You study information processes through the example of the Crimea. Which information warfare trends most clearly manifest themselves in this region?
When we talk about disinformation, we focus primarily on the dissemination of false information on social media. But this is just one way of waging information warfare using technologies such as bots. They can simulate the behaviour of a normal user, expressing certain tastes and talking about sports and art, despite the fact they are not a real person. These fake profiles promote certain hashtags. For example, this was the case with #CrimeaIsOurs on Twitter. It was launched from Russia in order to make the world accept the annexation and treat it as if it were a military trophy. If we look at how this hashtag began to spread, we can see that its original sources are highly questionable, often fake profiles.
So the use of social networks is one way of conducting information warfare, but there are others too. For example, interference in presidential election campaigns, as happened in the US and France. Russia, being a conservative and anti-European state, has promoted conservative candidates such as Marine Le Pen and Donald Trump. Going back to the Crimea, it is worth noting that Russia launched two major projects: a bridge that everyone knows about and a cable that is not talked about as much. The latter is laid under the waters of the Black Sea, in the Kerch Canal. The beginning of works was announced in March 2014 and the first connection was made in July 2014. The speed with which this project was implemented is due to its strategic importance in the war against Ukraine. It was about attaching the region to Russia not only on paper and in peoples' heads, but also physically, using an optical cable. In this way, Internet traffic from and to the Crimea has been fully monitored by Russia since then. This makes it possible to control information on the peninsula.

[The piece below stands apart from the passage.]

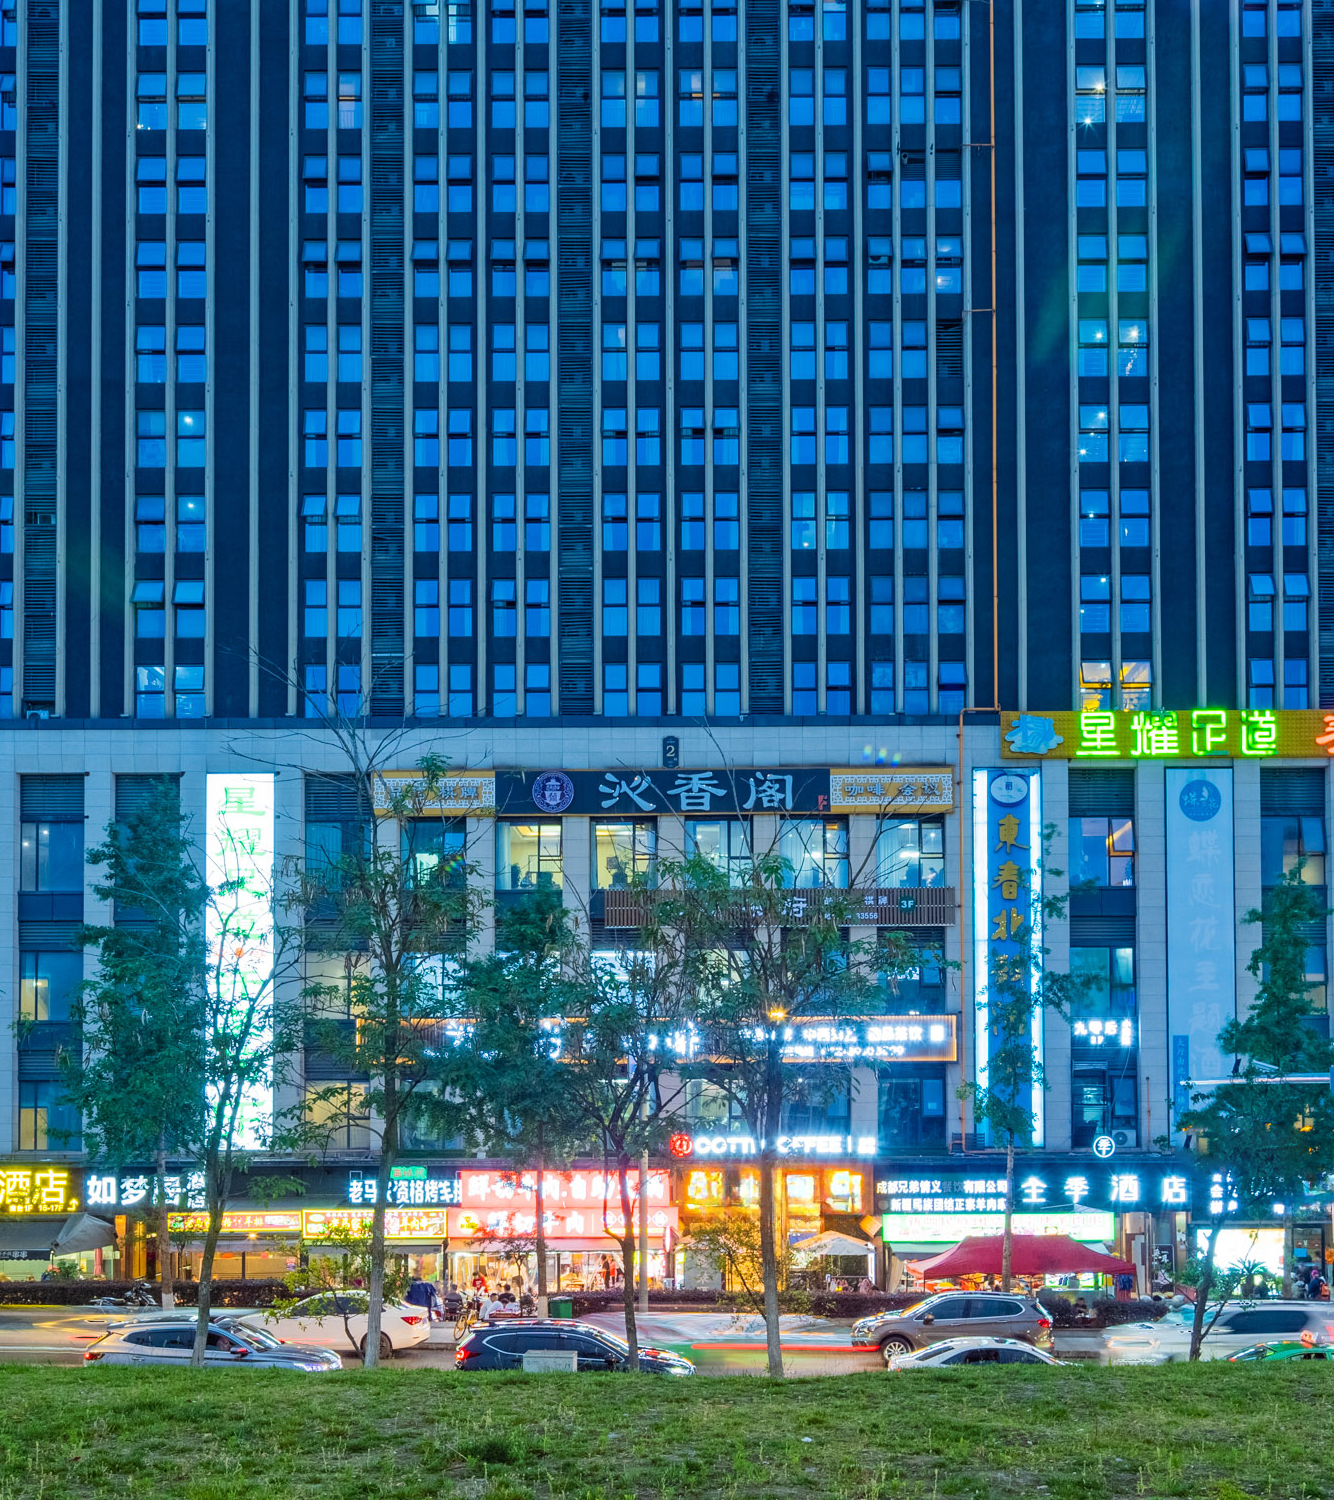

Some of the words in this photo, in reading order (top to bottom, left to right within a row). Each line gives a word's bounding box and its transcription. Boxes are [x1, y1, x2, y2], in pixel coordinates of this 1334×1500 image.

What does this control mean?
The very concept of "information control" is extremely important in order to understand the annexation of Crimea as a hybrid operation. It is not limited to the creation and distribution of fake news and misinformation. It also involves restructuring the media market and changing the legislation regulating the work of independent journalists who come to work in the annexed Crimea, as well as bringing internet infrastructure under Russian influence. Very often, when speaking about misinformation, people mean the production of news items that contain distorted facts or are completely fictional. But one should not forget about the purely physical aspect of the matter: who owns the internet and mobile communications infrastructure. It is important to see the full depth of the misinformation problem. The content, text, images, and videos for fake news items are just the visible part of a much wider operation that in the case of the Crimea starts in the corridors of the Kremlin, runs under the waters of the Black Sea and ends its journey on the TV and phone screens of the peninsula's inhabitants.
It has been reported that Ukraine itself has stopped providing internet services to the Crimea. Can you confirm this?

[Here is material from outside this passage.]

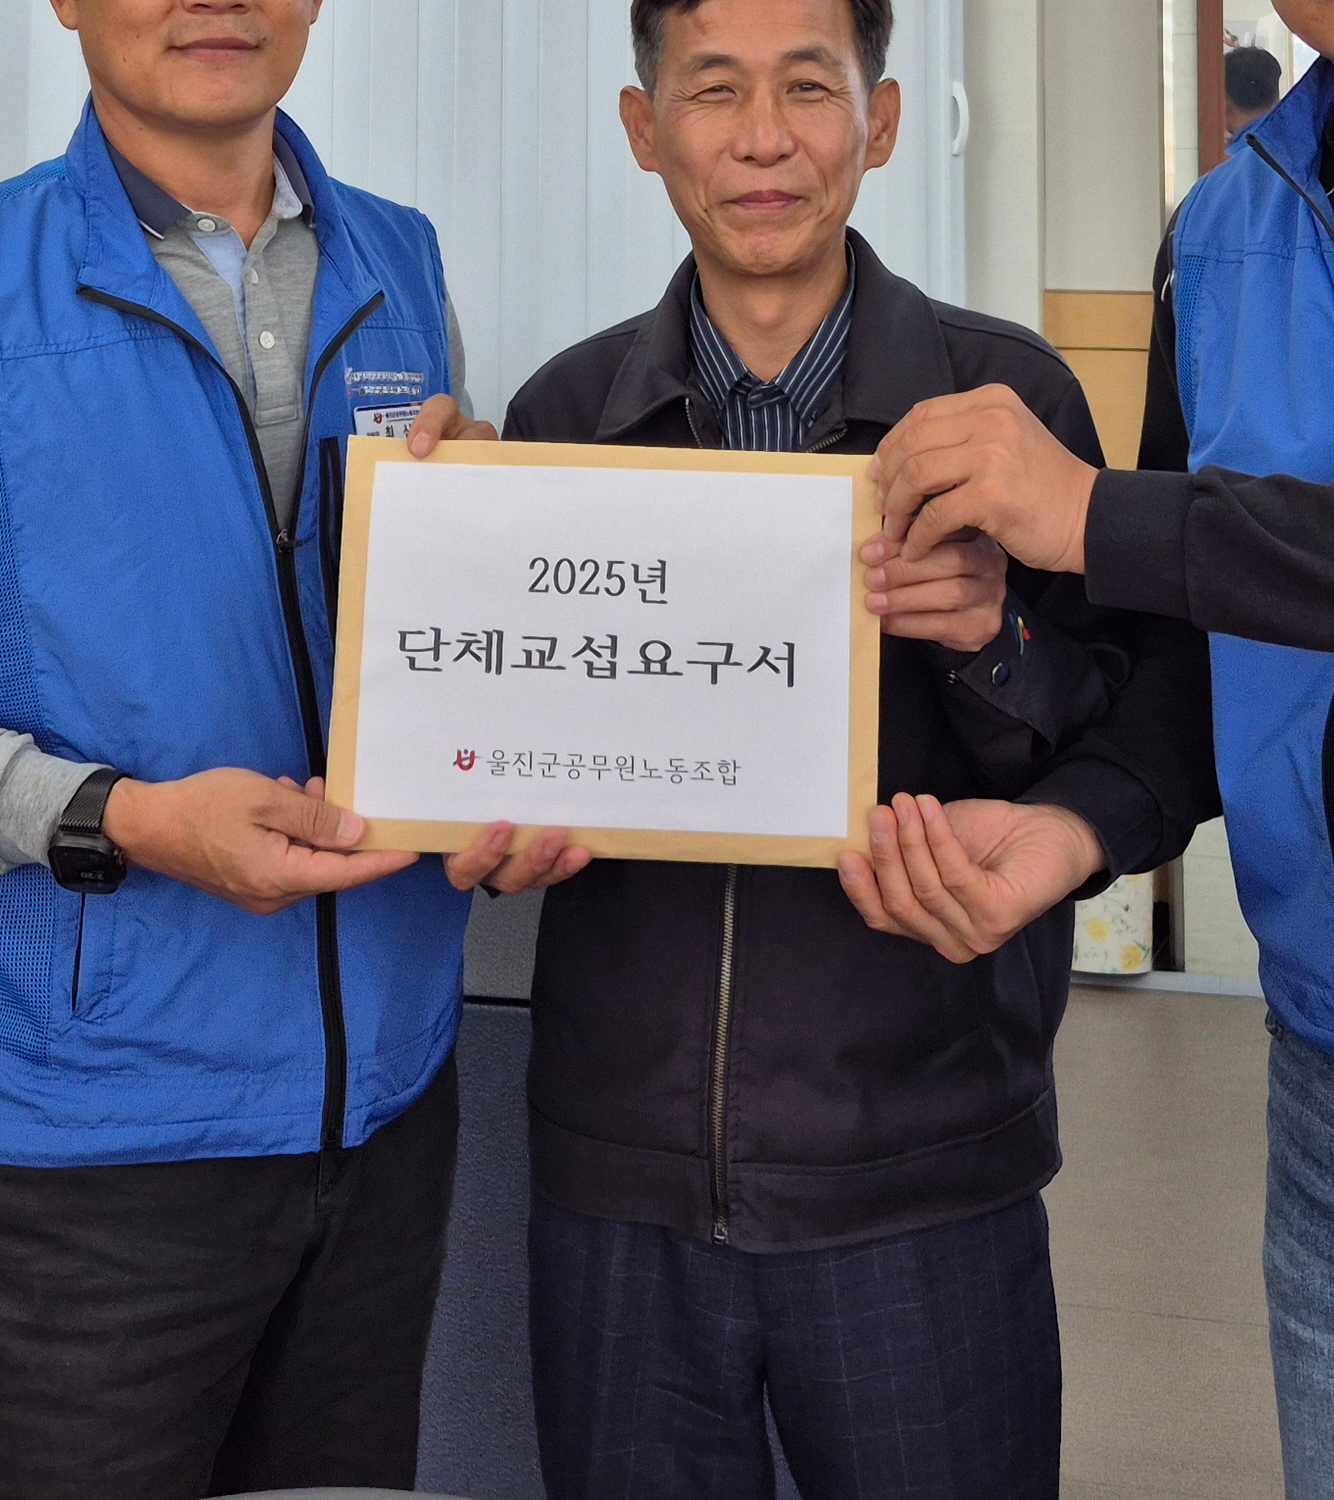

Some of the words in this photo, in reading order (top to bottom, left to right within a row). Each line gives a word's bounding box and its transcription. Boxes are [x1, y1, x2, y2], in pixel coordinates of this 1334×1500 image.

[527, 555, 668, 605] 2025년
[397, 626, 796, 688] 단체교섭요구서
[486, 749, 742, 787] 울진군공무원노동조합

I would like to know more about it. It is well known that Ukrainian traffic stopped going to the Crimea in July 2017, but it is not clear why this happened. I was in Kyiv in March 2018 and tried to figure it out. I spoke to representatives of the Internet Association of Ukraine and they explained to me that the Ukrainian state decided to stop selling traffic to Crimea, because sanctions do not allow the provision of such a service. This is one of the hypotheses. The second is that Russia cut the cable from Ukraine for censorship purposes. Finally, there is a third theory about a more or less peaceful agreement between providers. There is no clarity. But whatever the case, it is important to understand that controlling internet traffic is another way of conducting information warfare. Ukrainians who stayed in the Crimea and are dissatisfied with the occupation have to look for ways to get around the censorship, because Russia blocks access to numerous sites from the Crimea. Like Ukrainian civil society organisations, I investigated the application of censorship in Crimea during the Russian presidential election. It was discovered that more than 30 Ukrainian sites were blocked on the peninsula, although they could be seen from Russian territory. My colleague Ihor from Toronto and I tracked a list of 100 websites to understand how censorship in Crimea works compared to other regions. The list was predominantly made up of Ukrainian, Tatar, Western and Russian opposition media outlets. We found that publications in our list were blocked 25% more often in Crimea than in Russian territory. In addition, it is not consistent. Depending on the ISP, certain media outlets could or could not be seen. From conversations with Crimean providers, I realised that certain decisions were actually taken at the level of local administrations without proper legal procedure. Crimean human rights groups and the Human Rights Information Centre also discovered discrepancies depending on the specific city. In general, it can be stated that a lot of media outlets in the Crimea have been blocked in an extra-judicial way.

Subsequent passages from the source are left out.